Privacy and AI

                                                            Privacy and AI

The power struggle between privacy and the freedom of AI

By Turner Cox

April 5 2024

In the age of rapid technological advancements, artificial intelligence has become a noticeable force in several industries. Some common examples of products using AI include “Large Language Models” (LLMs) such as OpenAI’s ChatGPT and Google’s Gemini, as well as IoT devices integrated with AI technology to help the user have a more seamless experience. From automation to digital personal assistants, the integration of AI into the daily lives of people is rampant. However, because of the great power that AI holds, it also raises several privacy concerns. AI models need vast amounts of data in order to train themselves, and that data is a valuable commodity, which causes businesses to put their focus on data collection.

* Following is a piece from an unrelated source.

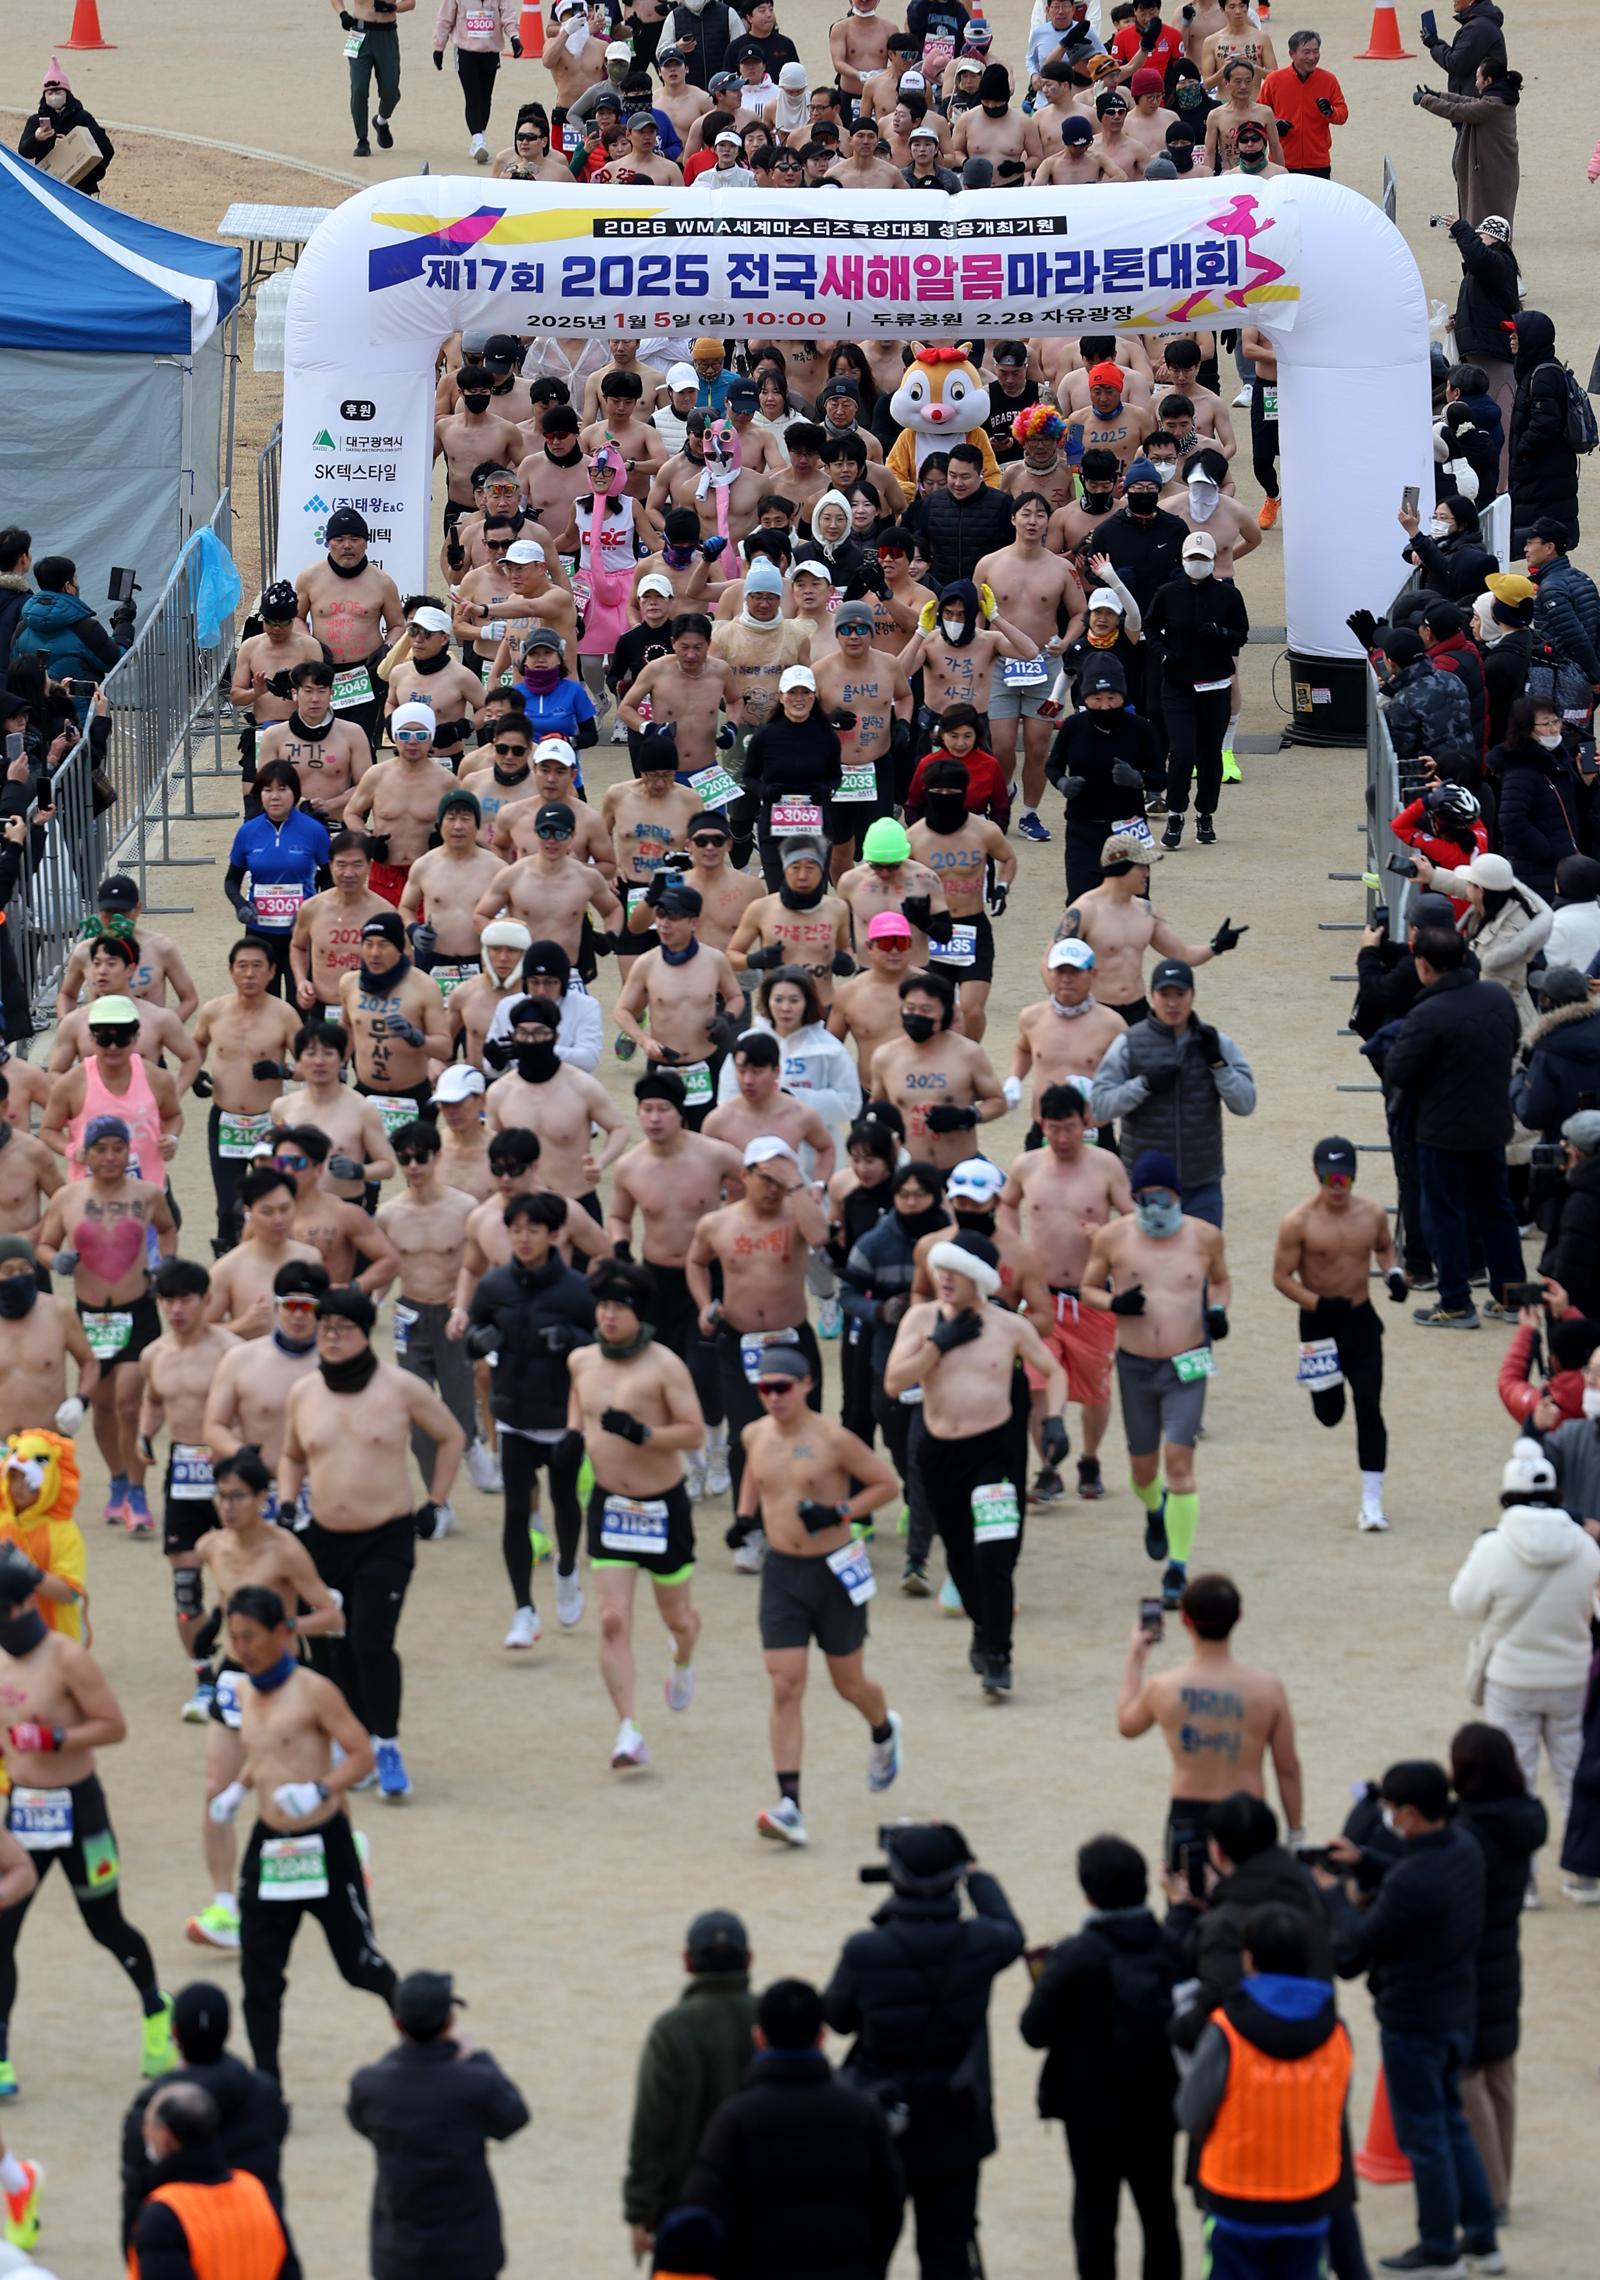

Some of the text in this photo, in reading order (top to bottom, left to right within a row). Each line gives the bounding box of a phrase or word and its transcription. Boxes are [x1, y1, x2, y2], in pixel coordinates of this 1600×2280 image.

The following are areas in which issues arise between AI and privacy.

Use of User Data: When users interact with AI systems, there is a chance that the data inputted by the user will be used later for training purposes. This can be a privacy risk because the data inputted by the user may be sensitive, and in training use, the sensitive data may be seen by many people who were not originally supposed to see the data. For example, if an employee of a government agency uses an AI integrated tool to summarize a classified document, and the document is saved and used later for training purposes, this can be a great security risk. 

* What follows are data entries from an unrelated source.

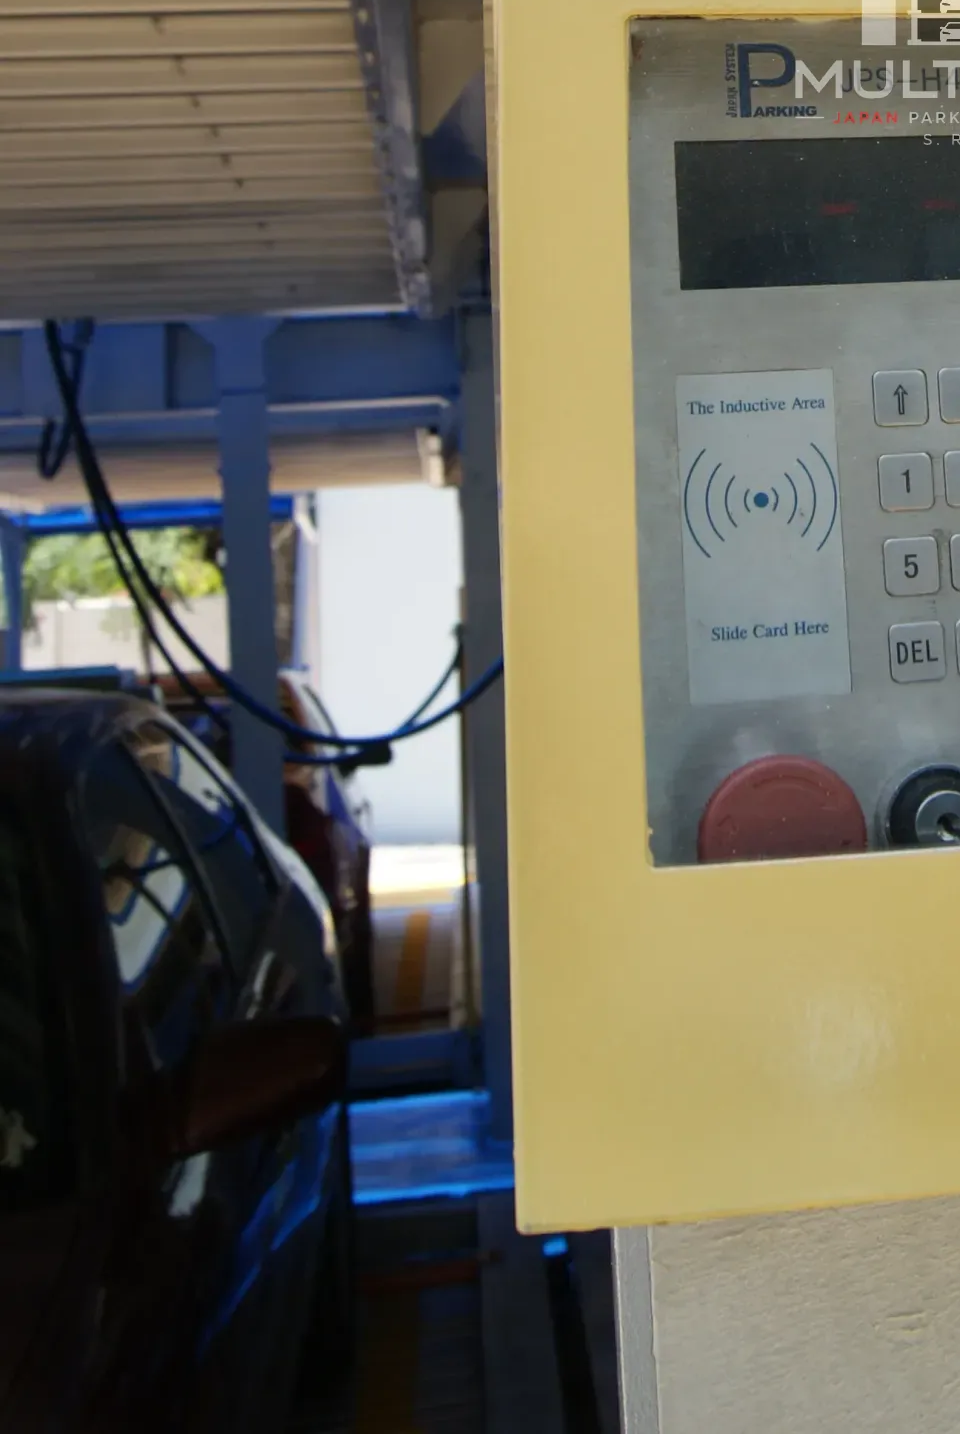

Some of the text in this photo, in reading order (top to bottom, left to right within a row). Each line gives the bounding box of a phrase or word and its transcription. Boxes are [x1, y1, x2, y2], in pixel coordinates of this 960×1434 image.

[686, 396, 826, 415] The Inductive Area
[901, 469, 912, 493] 1
[904, 554, 919, 579] 5
[711, 621, 830, 642] Slide Card Here
[896, 639, 939, 665] DEL

Limited Regulation: There are no universal set of laws governing AI’s boundaries, therefore companies can essentially create their own boundaries. There are best practices available to users to mitigate the privacy risks, but there are no clear boundaries for this technology so far.

Biometric Data: Technologies that integrate AI and biometrics, such as some facial recognition technologies, have access to an even more important type of data - a person’s biometrics. This of course can be used for malicious purposes such as discrimination.

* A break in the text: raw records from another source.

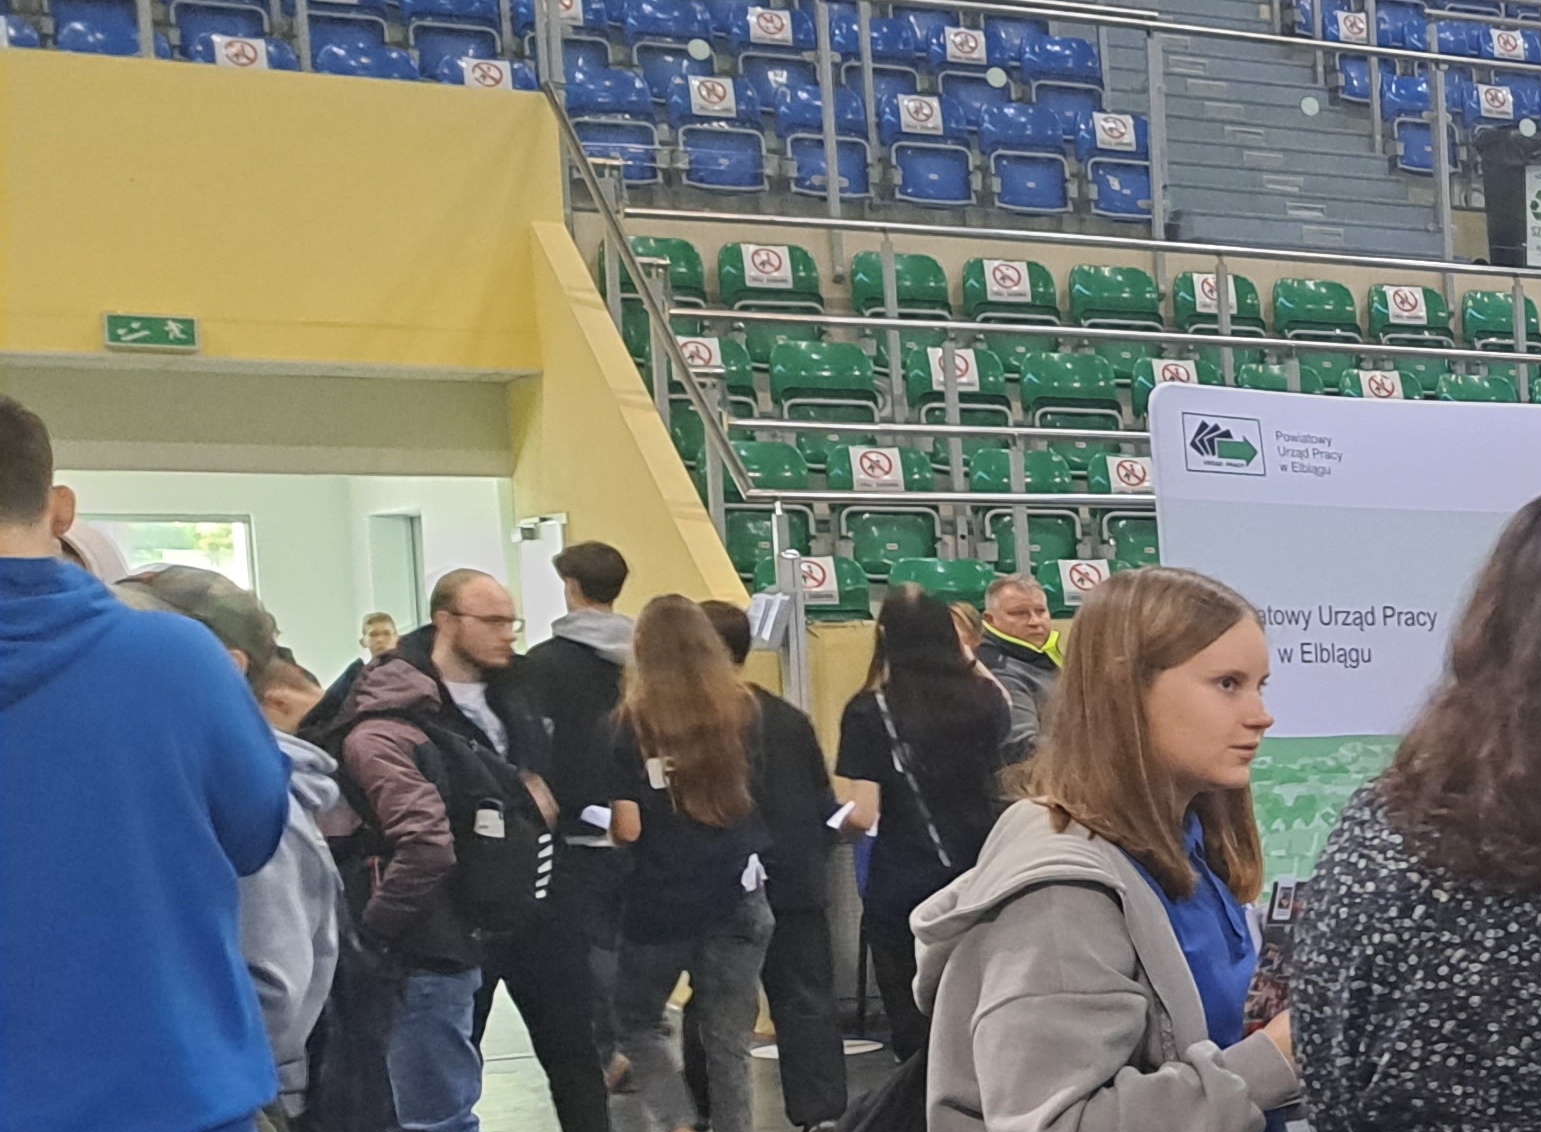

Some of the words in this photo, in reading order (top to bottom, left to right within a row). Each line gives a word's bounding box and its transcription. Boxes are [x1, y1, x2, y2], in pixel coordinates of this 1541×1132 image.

[1275, 430, 1332, 447] Powiatowy
[1312, 447, 1342, 462] Pracy
[1258, 606, 1312, 631] atowy
[1319, 605, 1375, 631] Urząd
[1382, 606, 1437, 631] Pracy
[1278, 648, 1292, 663] w
[1300, 643, 1371, 668] Elblągu

Metadata Collection: AI enables companies to collect metadata (the data containing much of the information behind an image or other digital file), allowing for precise content targeting without users' full understanding or consent.

Data Storage Periods: There is not much transparency when it comes to the time period in which companies retain user data. Users may not know how long their data is retained and under what circumstances it is accessed.

Web Scraping and Crawling: For the purpose of training AIs such as LLMs, a common strategy is web scraping or web crawling. These are processes that involve using web information such as social media or metadata as resources to train AI with. Unbeknownst to many, each public post a person has made may be used by AI for training purposes and seen by people that were not meant to see it.

Counter Arguments:

One could argue that AI is simply an advanced tool, and that one should understand how to use it in order to protect their privacy. If they are negligent, it is their own fault. For example, in the case of a government employee accidentally leaking a classified document to an AI model, one could argue that this is a negligent act, and the employee should not be so careless with the classified information. Furthermore, web scraping or web crawling is simply the process of searching through publicly available information. While it is perhaps creepy that an AI is rummaging through millions of posts that humans may have even forgotten about, it is legal as of now, and one could argue that it is merely a clever solution to the problem of training these AI models. Finally, putting restrictions on AI may impede the progress of development of this new technology. If too many restrictions are put upon AI too early, we may not realize its full potential. 

Solutions for AI and Privacy Concerns:

Use Policy: Organizations should define clear policies on how AI tools can be used and who/what/when/where/why/how the data can be used.

Security Tools: Tools such as extended detection and response (XDR) can help protect data from unauthorized access and misuse.

 

Questions:

Should the government be involved in regulating AI and its collection of data? If so, to what extent? How can balance be maintained between privacy and freedom of AI?

Conclusion:

As AI continues to improve and become more useful for the lives of all individuals, these issues become even more complex. It is incredibly difficult to balance the usefulness of AI with the concerns of privacy violations. However, by abiding by best practices, and perhaps the intervention of government, AI could become a valuable tool to make the lives of all much easier.

Works Cited

Hiter, Shelby. “AI and Privacy Issues: What You Need to Know.” EWEEK, 20 Sept. 2023, www.eweek.com/artificial-intelligence/ai-privacy-issues/.

Office of the Victorian Information Commissioner. “Artificial Intelligence and Privacy - Issues and Challenges.” Office of the Victorian Information Commissioner, Aug. 2018, ovic.vic.gov.au/privacy/resources-for-organisations/artificial-intelligence-and-privacy-issues-and-challenges/.

Pearce, Guy. “Beware the Privacy Violations in Artificial Intelligence Applications.” ISACA, 28 May 2021, www.isaca.org/resources/news-and-trends/isaca-now-blog/2021/beware-the-privacy-violations-in-artificial-intelligence-applications.

Sher, Gai, and Ariela Benchlouch. “The Privacy Paradox with AI.” Reuters, 31 Oct. 2023, www.reuters.com/legal/legalindustry/privacy-paradox-with-ai-2023-10-31/.

Sullivan, Morgan. “Examining Privacy Risks in AI Systems.” Transcend Blog, 1 Dec. 2023, transcend.io/blog/ai-and-privacy.